** Opening Data block **

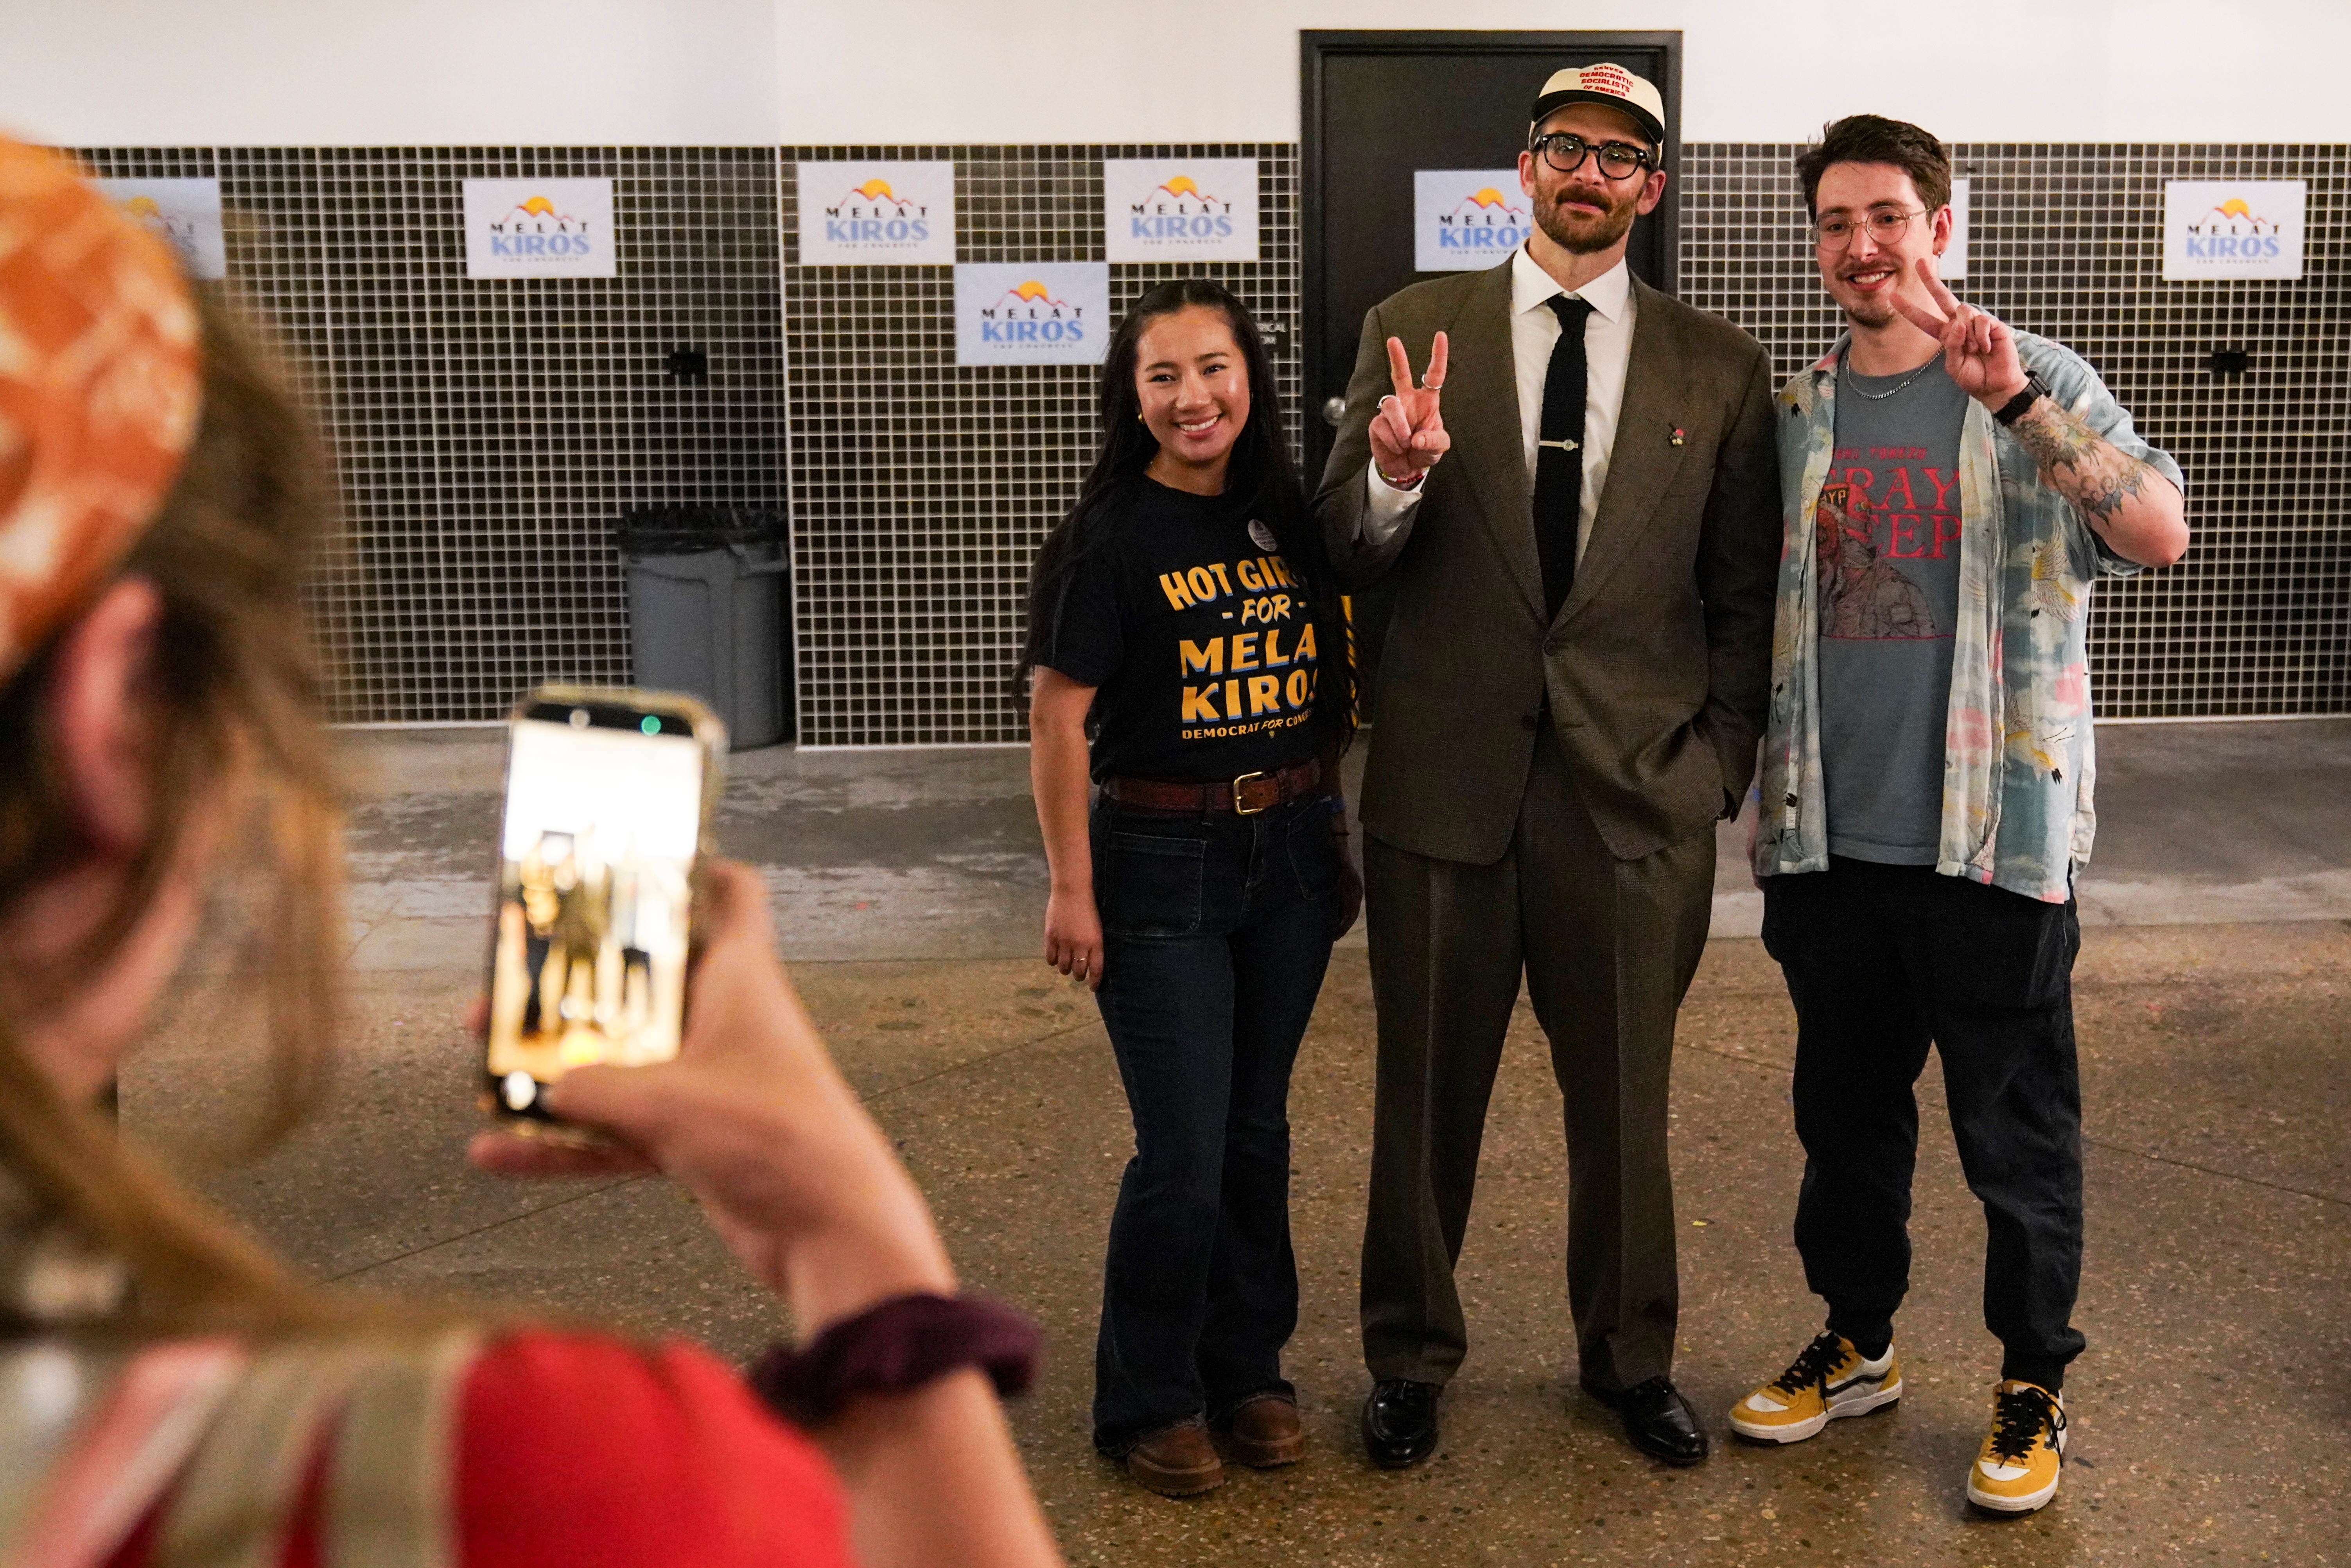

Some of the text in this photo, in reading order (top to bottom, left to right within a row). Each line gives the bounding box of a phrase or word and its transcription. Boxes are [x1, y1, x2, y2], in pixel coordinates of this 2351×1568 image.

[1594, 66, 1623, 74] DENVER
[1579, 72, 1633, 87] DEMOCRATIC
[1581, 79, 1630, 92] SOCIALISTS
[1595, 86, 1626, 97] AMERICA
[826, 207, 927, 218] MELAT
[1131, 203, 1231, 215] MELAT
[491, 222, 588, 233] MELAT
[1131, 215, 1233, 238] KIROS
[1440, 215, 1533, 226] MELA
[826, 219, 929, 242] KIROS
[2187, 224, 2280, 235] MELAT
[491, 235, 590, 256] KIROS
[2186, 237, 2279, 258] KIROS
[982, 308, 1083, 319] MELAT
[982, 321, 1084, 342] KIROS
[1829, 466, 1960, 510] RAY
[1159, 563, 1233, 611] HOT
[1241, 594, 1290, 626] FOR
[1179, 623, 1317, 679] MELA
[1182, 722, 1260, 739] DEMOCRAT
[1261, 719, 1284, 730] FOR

** Closing Data block **

● Activity:
Restate the data word for word and exclude every picture.

● Answer section:
Some of the text in this photo, in reading order (top to bottom, left to right within a row). Each line gives the bounding box of a phrase or word and its transcription. Boxes are [x1, y1, x2, y2], in pixel coordinates of this 2351×1568 image.

[1594, 66, 1623, 74] DENVER
[1579, 72, 1633, 87] DEMOCRATIC
[1581, 79, 1630, 92] SOCIALISTS
[1595, 86, 1626, 97] AMERICA
[826, 207, 927, 218] MELAT
[1131, 203, 1231, 215] MELAT
[491, 222, 588, 233] MELAT
[1131, 215, 1233, 238] KIROS
[1440, 215, 1533, 226] MELA
[826, 219, 929, 242] KIROS
[2187, 224, 2280, 235] MELAT
[491, 235, 590, 256] KIROS
[2186, 237, 2279, 258] KIROS
[982, 308, 1083, 319] MELAT
[982, 321, 1084, 342] KIROS
[1829, 466, 1960, 510] RAY
[1159, 563, 1233, 611] HOT
[1241, 594, 1290, 626] FOR
[1179, 623, 1317, 679] MELA
[1182, 722, 1260, 739] DEMOCRAT
[1261, 719, 1284, 730] FOR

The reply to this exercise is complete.